§ **Aim of the exercise**: Give all of the data below again exactly, and drop the images.

[Saved entries]
-- Opening Marker --

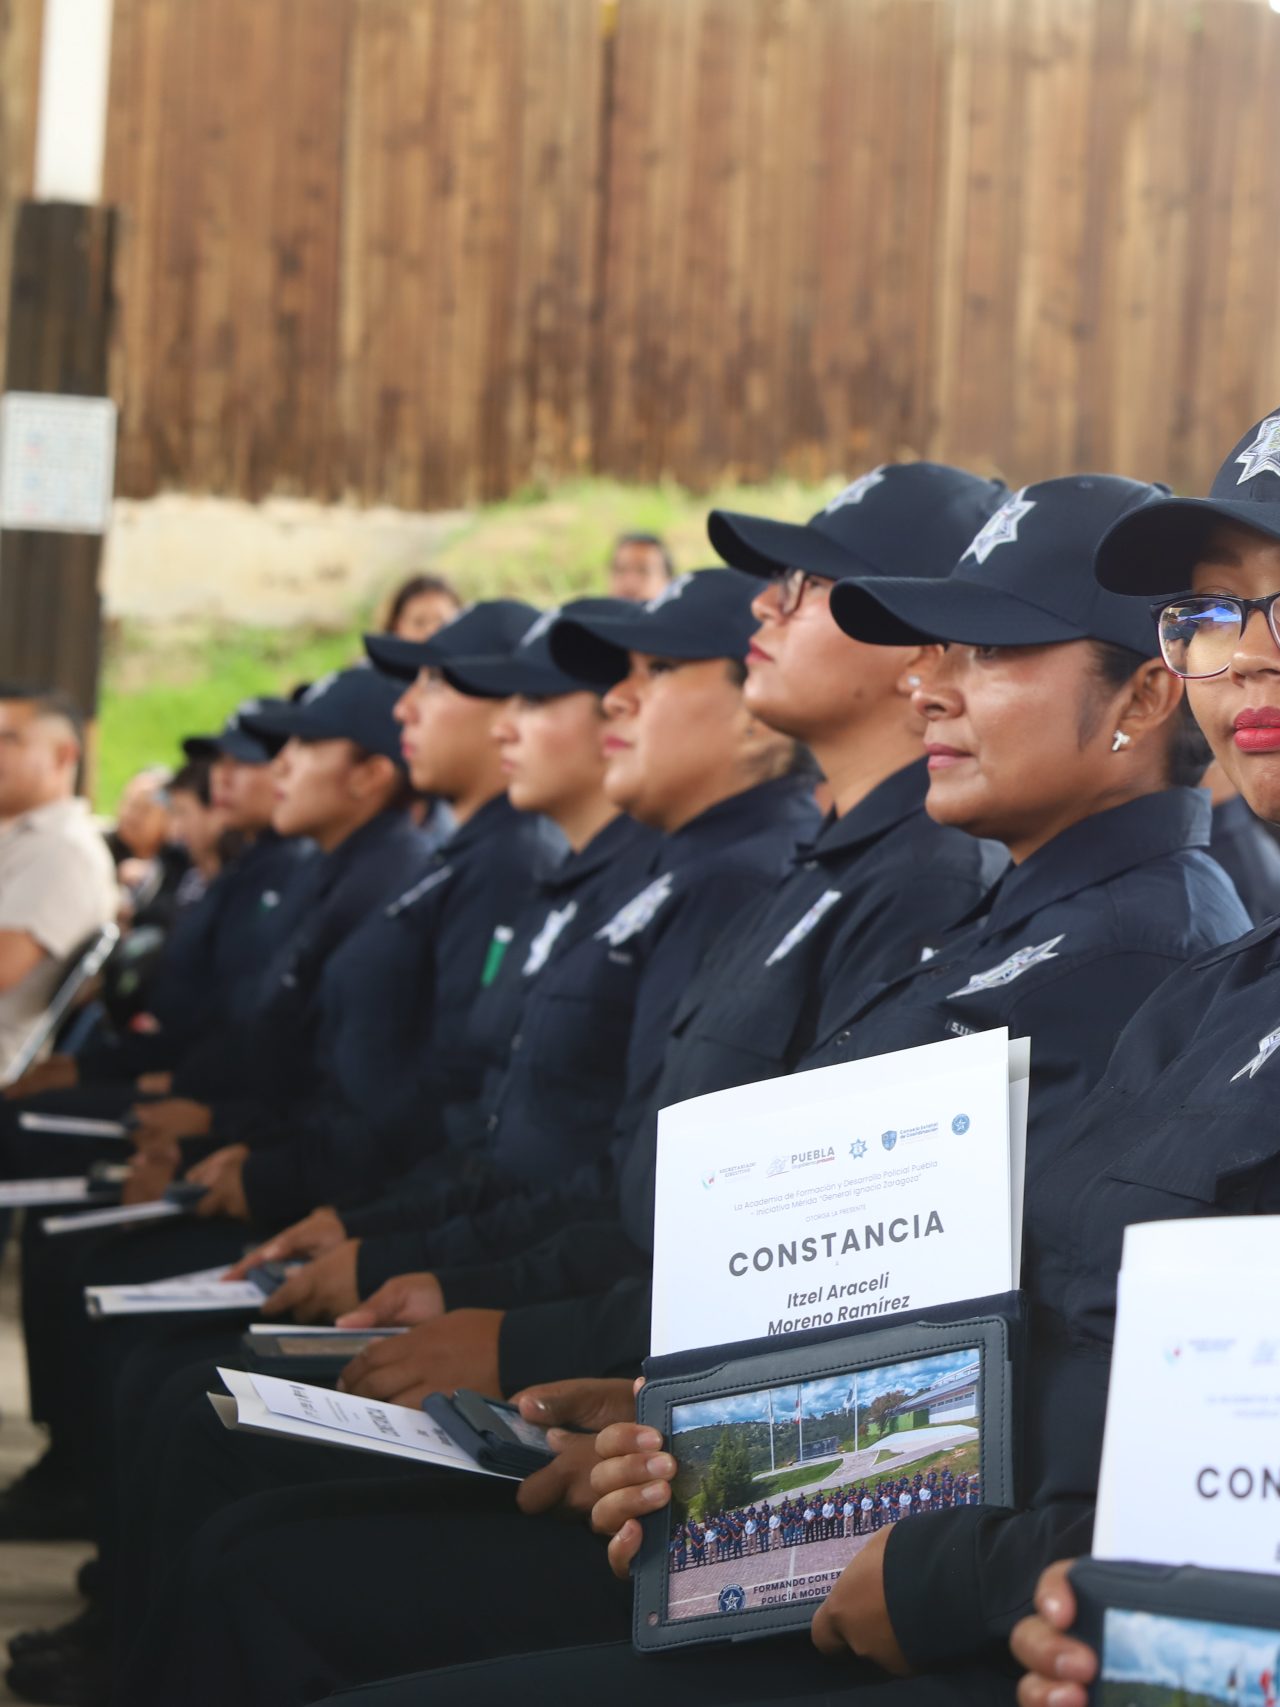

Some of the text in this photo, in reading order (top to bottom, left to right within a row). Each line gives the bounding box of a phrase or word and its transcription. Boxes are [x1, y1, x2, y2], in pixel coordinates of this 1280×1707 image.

[791, 1146, 835, 1164] PUEBLA
[734, 1203, 743, 1211] La
[745, 1195, 783, 1209] Academia
[784, 1192, 795, 1201] de
[796, 1183, 837, 1197] Formación
[844, 1173, 882, 1188] Desarrollo
[883, 1167, 910, 1179] Policial
[912, 1160, 938, 1171] Puebla
[756, 1203, 791, 1216] Iniciativa
[792, 1196, 818, 1208] Mérida
[853, 1183, 882, 1196] Ignacio
[729, 1210, 944, 1277] CONSTANCIA
[787, 1272, 890, 1308] Itzel Araceli
[768, 1295, 910, 1336] Moreno Ramírez
[753, 1577, 806, 1594] FORMANDO
[808, 1573, 828, 1584] CON
[761, 1590, 797, 1604] POLICÍA
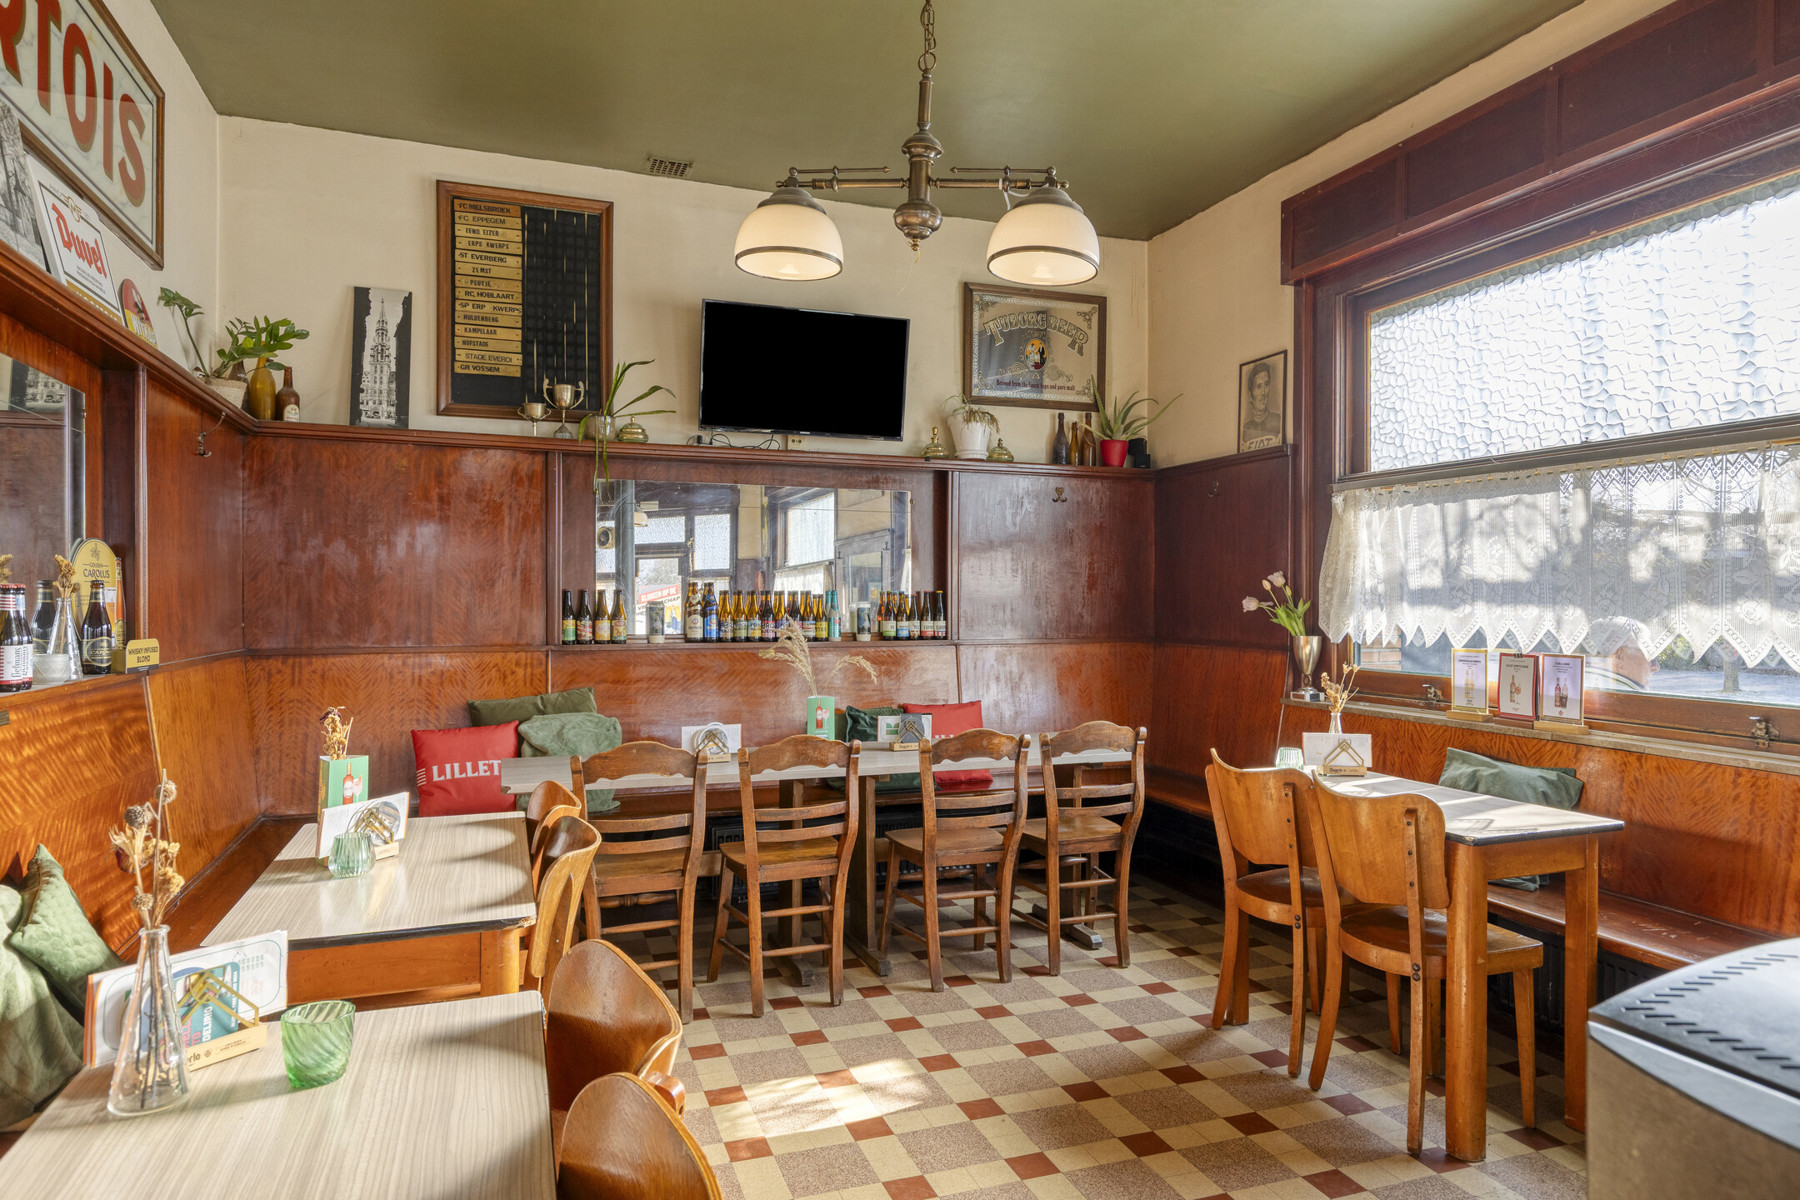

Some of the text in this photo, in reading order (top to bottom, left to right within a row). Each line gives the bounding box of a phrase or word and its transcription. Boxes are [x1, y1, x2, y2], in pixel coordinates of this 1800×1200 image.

[472, 216, 506, 224] EPPEGEM
[52, 202, 107, 279] Duvel
[471, 253, 507, 263] EVERBERG
[493, 305, 522, 314] KWERPS
[464, 327, 497, 335] KAMPELAAR
[983, 311, 1089, 357] TUBORG BEER
[465, 352, 486, 361] STADE
[472, 365, 500, 373] VOSSEM
[1248, 438, 1272, 450] FIAT
[83, 569, 110, 580] CAROLUS
[432, 760, 502, 782] LILLET
[202, 1006, 213, 1042] DELIRIO
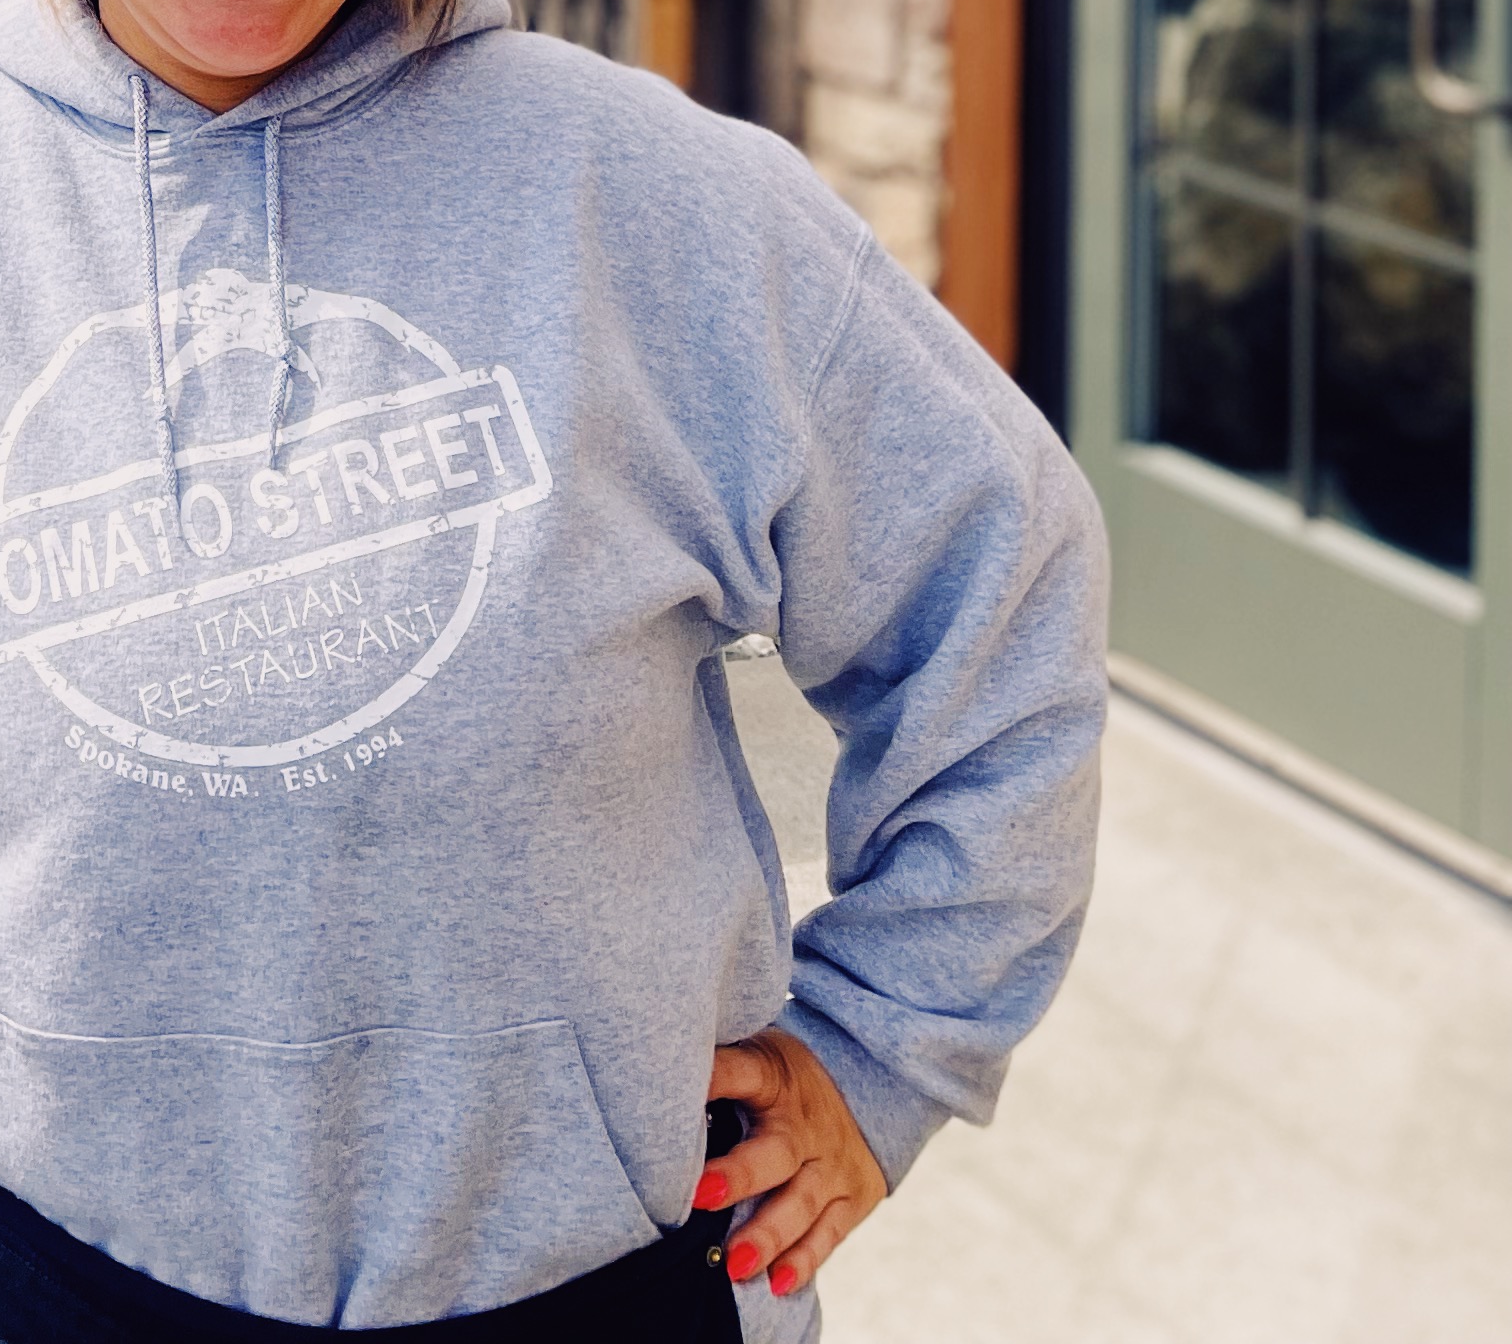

-- Closing Marker --

§ **Answer to the problem**:
Some of the text in this photo, in reading order (top to bottom, left to right within a row). Each line gives the bounding box of a phrase or word and its transcription. Boxes are [x1, y1, x2, y2], in pixel coordinates of this 1280×1707 image.

[791, 1146, 835, 1164] PUEBLA
[734, 1203, 743, 1211] La
[745, 1195, 783, 1209] Academia
[784, 1192, 795, 1201] de
[796, 1183, 837, 1197] Formación
[844, 1173, 882, 1188] Desarrollo
[883, 1167, 910, 1179] Policial
[912, 1160, 938, 1171] Puebla
[756, 1203, 791, 1216] Iniciativa
[792, 1196, 818, 1208] Mérida
[853, 1183, 882, 1196] Ignacio
[729, 1210, 944, 1277] CONSTANCIA
[787, 1272, 890, 1308] Itzel Araceli
[768, 1295, 910, 1336] Moreno Ramírez
[753, 1577, 806, 1594] FORMANDO
[808, 1573, 828, 1584] CON
[761, 1590, 797, 1604] POLICÍA

Some of the text in this photo, in reading order (top to bottom, left to right within a row). Each line gives the bounding box of a phrase or word and its transcription. Boxes are [x1, y1, x2, y2], in pixel coordinates of this 1800×1200 image.

[472, 216, 506, 224] EPPEGEM
[52, 202, 107, 279] Duvel
[471, 253, 507, 263] EVERBERG
[493, 305, 522, 314] KWERPS
[464, 327, 497, 335] KAMPELAAR
[983, 311, 1089, 357] TUBORG BEER
[465, 352, 486, 361] STADE
[472, 365, 500, 373] VOSSEM
[1248, 438, 1272, 450] FIAT
[83, 569, 110, 580] CAROLUS
[432, 760, 502, 782] LILLET
[202, 1006, 213, 1042] DELIRIO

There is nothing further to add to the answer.